**Task requirements:** Your copy should match the entries exactly, with no images carried over.

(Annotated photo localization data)
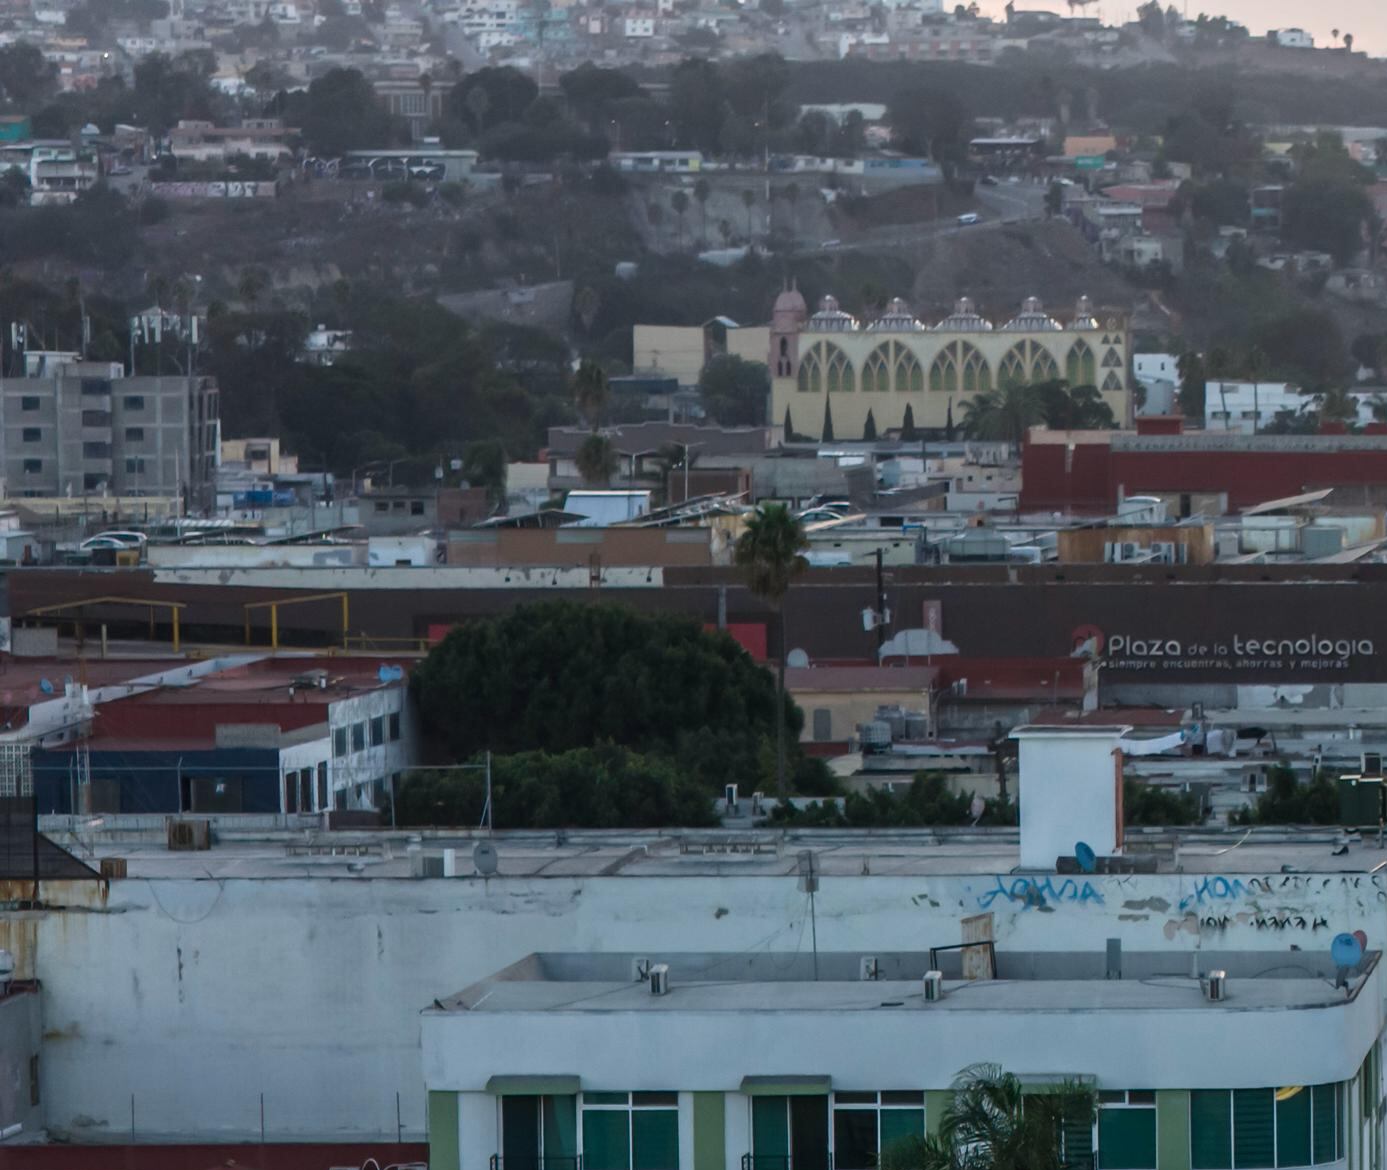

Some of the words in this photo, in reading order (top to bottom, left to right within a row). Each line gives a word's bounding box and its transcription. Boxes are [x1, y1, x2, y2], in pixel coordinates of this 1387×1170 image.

[1108, 634, 1182, 656] Plaza
[1188, 642, 1207, 656] de
[1213, 642, 1228, 656] la
[1108, 659, 1156, 670] siempre
[1236, 658, 1283, 669] ahorras
[1301, 658, 1350, 670] mejoras

**Response area:**
Some of the words in this photo, in reading order (top to bottom, left to right within a row). Each line gives a word's bounding box and its transcription. Boxes are [x1, y1, x2, y2], in pixel coordinates of this 1387×1170 image.

[1108, 634, 1182, 656] Plaza
[1188, 642, 1207, 656] de
[1213, 642, 1228, 656] la
[1108, 659, 1156, 670] siempre
[1236, 658, 1283, 669] ahorras
[1301, 658, 1350, 670] mejoras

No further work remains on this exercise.